Astım atağı, astımlı bir hastada artan nefes darlığı, öksürük, hışıltı veya göğüste baskı hissi yakınmalarının ortaya çıkması ve solunum fonksiyon testinde ilaç ile düzebilen bozukluklarının eşlik etmesi olarak tanımlanır.

Astım Atağında;

  • Hava yolu tıkanıklığını mümkün olan en kısa sürede düzeltip solunum fonksiyonlarını normale döndürmek.
  • Oksijen yetersizliğini düzeltmek
  • Hasta eğitimi, uygun ve yeterli önleyici tedavi ile daha sonra oluşabilecek atakları önlemekASTIM1
  • Atakta hastanın nasıl davranması, hangi ilaçları kullanması, ne zaman hastaneye başvurması gerektiği konusunda hastayı aydınlatmak önem arz eder.

Astım tanısı nasıl koyulur?

Yakınmaları astımla uyumlu olan hastalarda yapılan muayene ve nefes ölçüm testleri ile koyulur.

 Astım tedavi edilebilir mi?

Astım tedavisinin amacı hastalığın kontrol altına alınması ve sağlanan bu durumun idame ettirilmesidir. Dünyada olduğu gibi, ülkemizde de bu hastalığın tedavisi ile ilgili gerekli her türlü ilaç ve malzeme bulunmaktadır. Uygun ilaç tedavisi ile, astımlılar iş ve okul dahil günlük yaşamlarına, hastalık nedeni ile herhangi bir kısıtlanma olmadan devam edebilirlerAstım ilaçlarının büyük bir kısmı soluk alma yolu (inhalasyon) ile kullanılan ilaçlardır ve bu yolla daha az yan etki ile direk hava yollarında istenen tedavi edici etkiyi oluştururlar.

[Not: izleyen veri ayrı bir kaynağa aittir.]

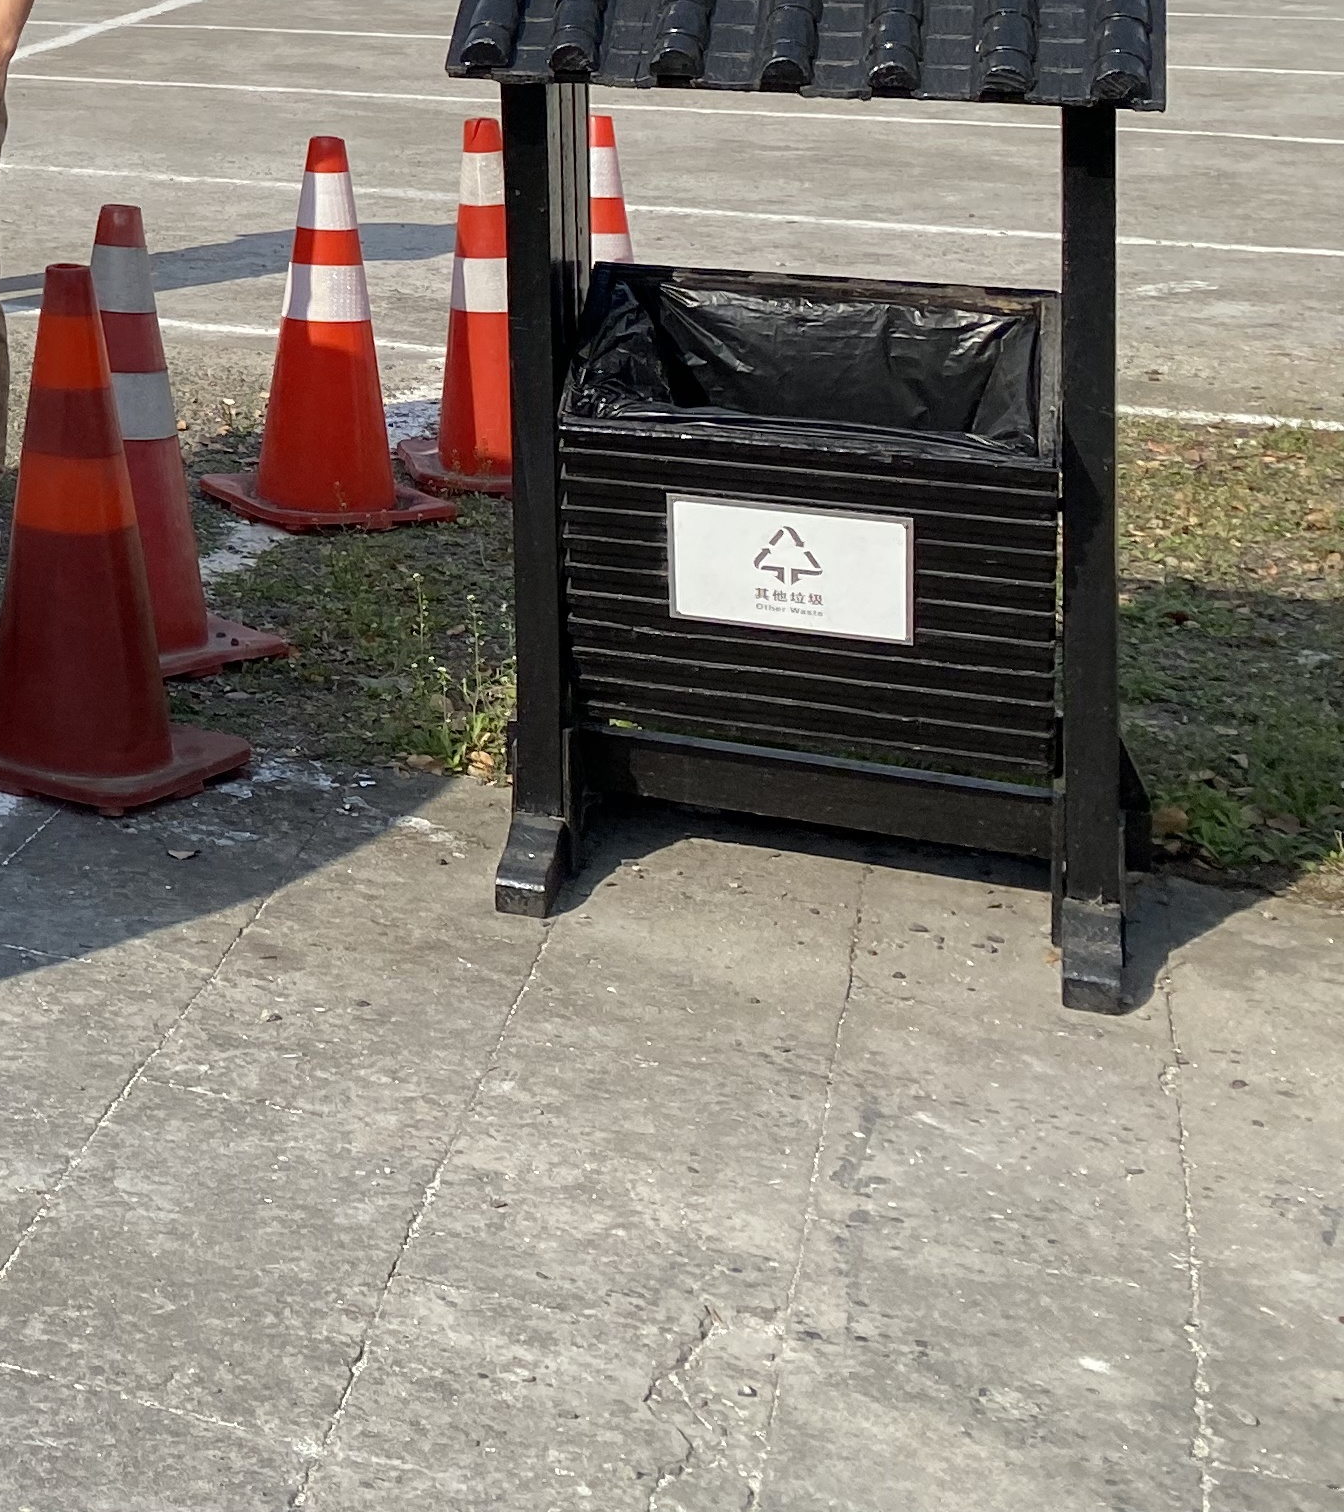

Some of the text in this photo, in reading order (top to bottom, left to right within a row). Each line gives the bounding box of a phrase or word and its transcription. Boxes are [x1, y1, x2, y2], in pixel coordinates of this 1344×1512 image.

Özel cihazlarla verilirler. Tedaviye başlanırken bu özel cihazların kullanım şekli mutlaka hastalara gösterilmelidir.

Astımın tam kontrol altında olması ne demektir?          

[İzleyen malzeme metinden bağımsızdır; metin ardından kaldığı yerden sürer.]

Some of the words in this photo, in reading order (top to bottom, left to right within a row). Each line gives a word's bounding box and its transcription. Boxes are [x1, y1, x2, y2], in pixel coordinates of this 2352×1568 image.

Astımlı bir hastanın gündüzleri astım yakınmasının bulunmaması, gece astım nedeni ile uykudan uyanmaması, hastalığı tedavi eden ve kontrol altında tutan ilaçları kullanırken ayrıca sık olarak hızlı etkili nefes açıcı ilaçlara gereksiniminin olmaması, nefes ölçüm testlerinin normal olması ve günlük işlerini engellenmeden yapabilmesi hastalığın tam kontrol altında olduğunu gösterir.

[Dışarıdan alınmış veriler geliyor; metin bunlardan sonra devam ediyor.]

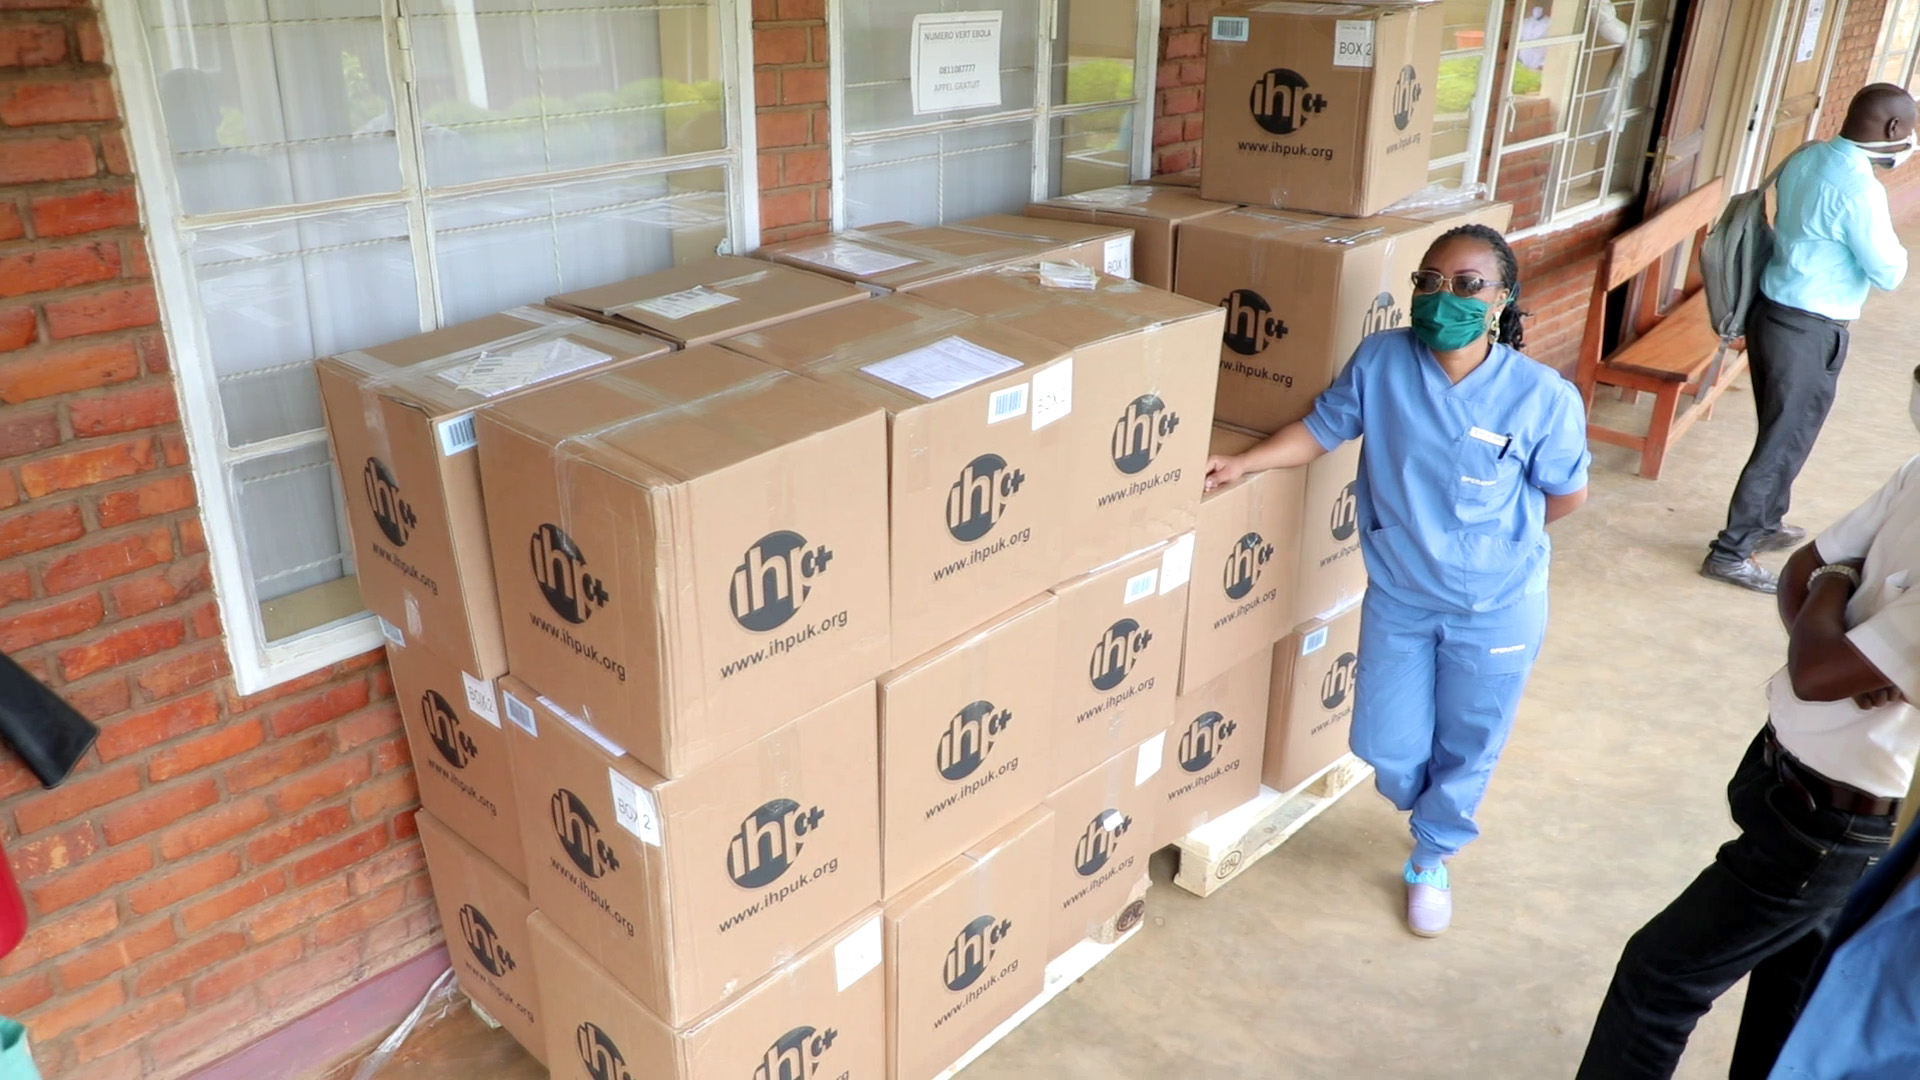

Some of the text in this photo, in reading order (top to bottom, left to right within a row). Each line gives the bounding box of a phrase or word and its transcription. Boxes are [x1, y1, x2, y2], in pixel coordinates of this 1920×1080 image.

[955, 29, 971, 39] VERT
[972, 29, 992, 39] EBOLA
[1339, 41, 1372, 56] BOX 2
[933, 80, 981, 93] APPEL GRATUIT
[1238, 141, 1334, 161] www.ihpuk.org
[1220, 359, 1294, 389] w.ihpuk.org
[1097, 467, 1182, 508] www.ihpuk.org
[932, 527, 1031, 582] www.ihpuk.org
[1212, 588, 1277, 631] www.ihpuk.org
[530, 612, 627, 682] www.ihpuk.org
[720, 609, 848, 679] www.ihpuk.org
[1076, 677, 1156, 724] www.ihpuk.org
[924, 757, 1019, 819] www.ihpuk.org
[1167, 759, 1241, 801] www.ihpuk.org
[643, 814, 652, 830] 2
[550, 856, 635, 938] www.ihpuk.org
[718, 857, 839, 933] www.ihpuk.org
[1062, 855, 1135, 909] www.ihpuk.org
[933, 959, 1019, 1029] www.ihpuk.org
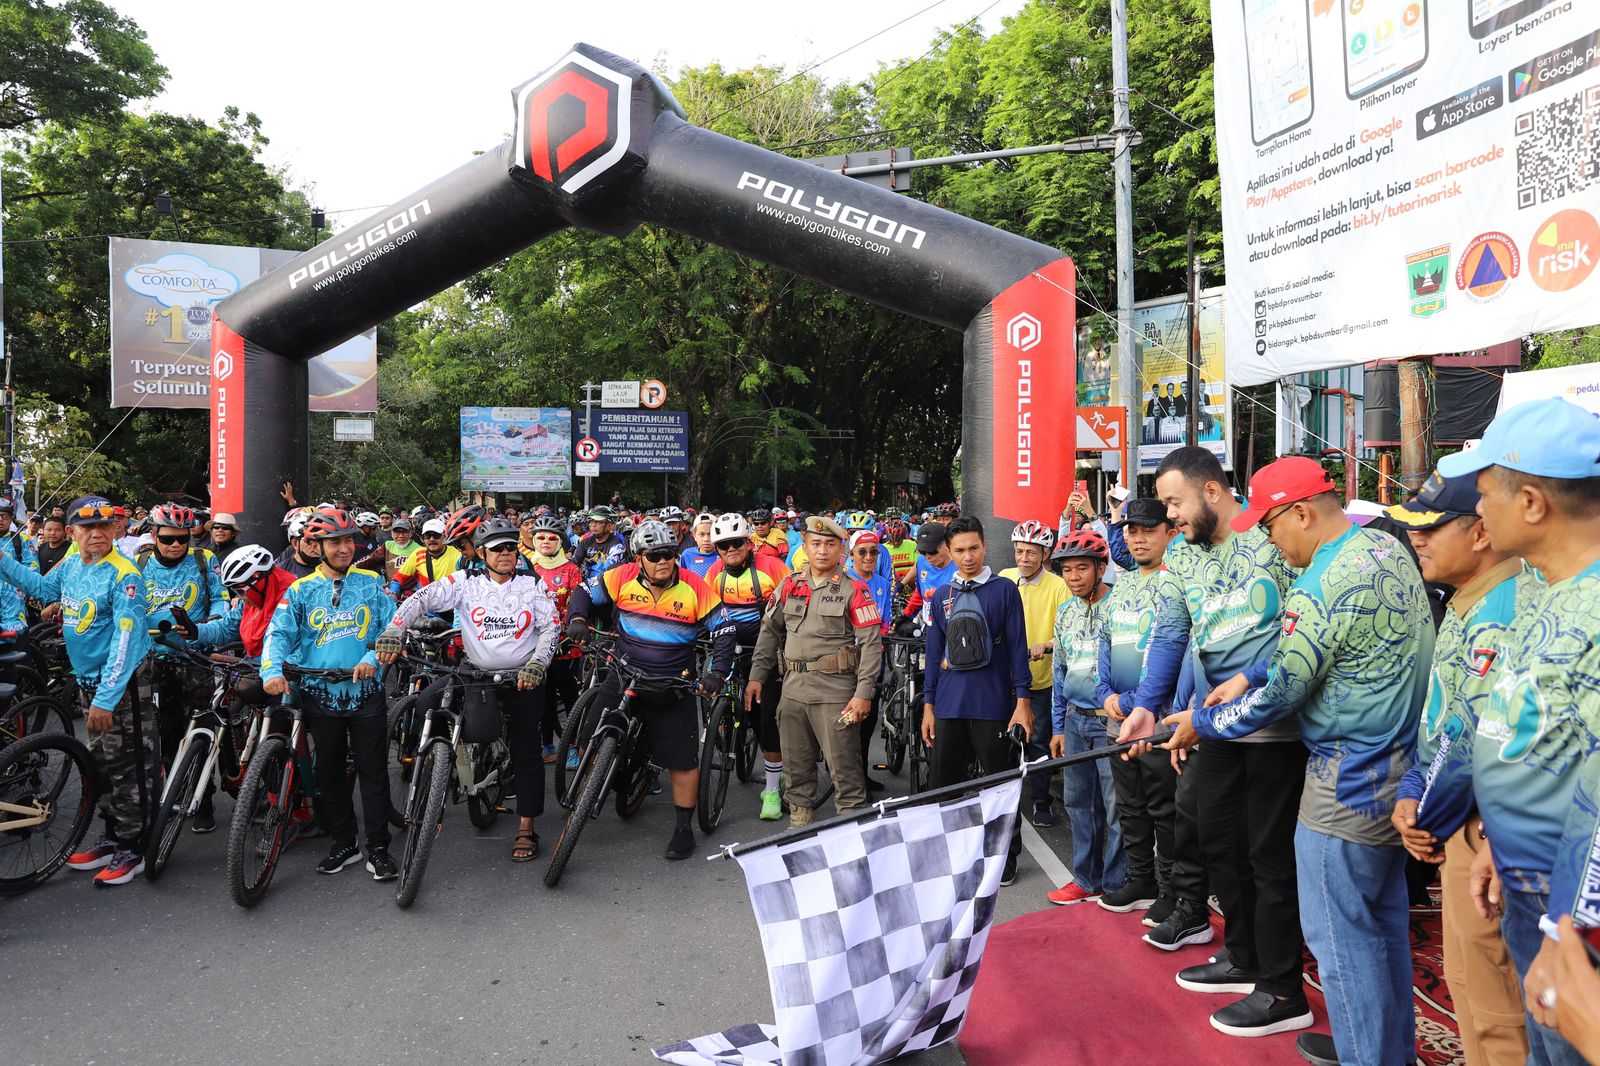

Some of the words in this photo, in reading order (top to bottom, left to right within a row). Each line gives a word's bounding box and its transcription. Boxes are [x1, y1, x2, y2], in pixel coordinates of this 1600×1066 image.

[1478, 30, 1513, 54] Layer
[1515, 1, 1573, 36] bencana
[1537, 56, 1552, 68] GET
[1553, 53, 1560, 62] IT
[1561, 48, 1574, 58] ON
[1538, 55, 1584, 82] Google
[1359, 90, 1390, 111] Pilihan
[1392, 77, 1418, 95] layer
[1441, 95, 1469, 111] Available
[1479, 86, 1491, 95] the
[1441, 106, 1464, 126] App
[1465, 95, 1496, 116] Store
[1246, 170, 1280, 193] Aplikasi
[1281, 162, 1293, 177] ini
[1295, 151, 1321, 171] udah
[1322, 143, 1344, 160] ada
[1345, 135, 1356, 149] di
[1360, 116, 1403, 144] Google
[1256, 138, 1288, 159] Tampilan
[1288, 128, 1312, 144] Home
[1246, 176, 1317, 209] Play/Appstore,
[1318, 147, 1373, 181] download
[1375, 138, 1394, 162] ya!
[736, 171, 927, 250] POLYGON
[1247, 226, 1275, 246] Untuk
[1276, 210, 1321, 236] informasi
[1322, 200, 1348, 221] lebih
[1349, 189, 1384, 214] lanjut,
[1386, 181, 1412, 198] bisa
[1414, 169, 1443, 188] scan
[1445, 144, 1505, 177] barcode
[756, 202, 890, 256] www.polygonbikes.com
[1249, 241, 1270, 263] atau
[1271, 228, 1319, 257] download
[1320, 222, 1352, 243] pada:
[1353, 180, 1462, 229] bit.ly/tutorinarisk
[288, 198, 432, 290] POLYGON
[1538, 239, 1591, 277] risk
[312, 229, 418, 292] www.polygonbikes.com
[141, 274, 216, 289] COMFORTA
[1267, 283, 1285, 296] kami
[1292, 275, 1311, 289] sosial
[1311, 270, 1336, 284] media:
[1268, 313, 1317, 331] pkbpbdsumbar
[133, 379, 208, 396] Seluruh
[601, 413, 675, 424] PEMBERITAHUAN
[1017, 359, 1032, 487] POLYGON
[217, 387, 227, 489] POLYGON
[651, 434, 675, 442] BAYAR
[655, 449, 685, 457] PADANG
[630, 593, 650, 604] FCC
[1249, 578, 1279, 631] 9
[470, 606, 516, 628] Gowes
[664, 611, 690, 621] TREK

Bütün astımlılarda hastalık kontrol altına alınabilmekte midir?

Maalesef astımı tamamen kontrol altında olan hasta sayısı hem dünyada hem ülkemizde halen istenen düzeyde değildir. Halen 4 astımlıdan biri yılda bir kez astım alevlenme (atak) nedeniyle acil servise başvurmaktadır. Astım kontrolünü güçleştiren etkenler arasında ilaçların doğru teknikle ve düzenli kullanılmamasının yanı sıra, sigara dumanı, alerjenler ve kimyasallar gibi tetikleyicilere maruz kalmak ve obezite sayılabilir. Ülkemizde astımlı hastaların %10’undan fazlasının halen sigara içmekte olduğu ve %30-40’nın obez olduğu bildirilmiştir. Yapılan araştırmalarda sigarayı bırakmanın ve obez hastaların kilo vermesinin, astımın kontrolünü kolaylaştırdığı gösterilmiştir.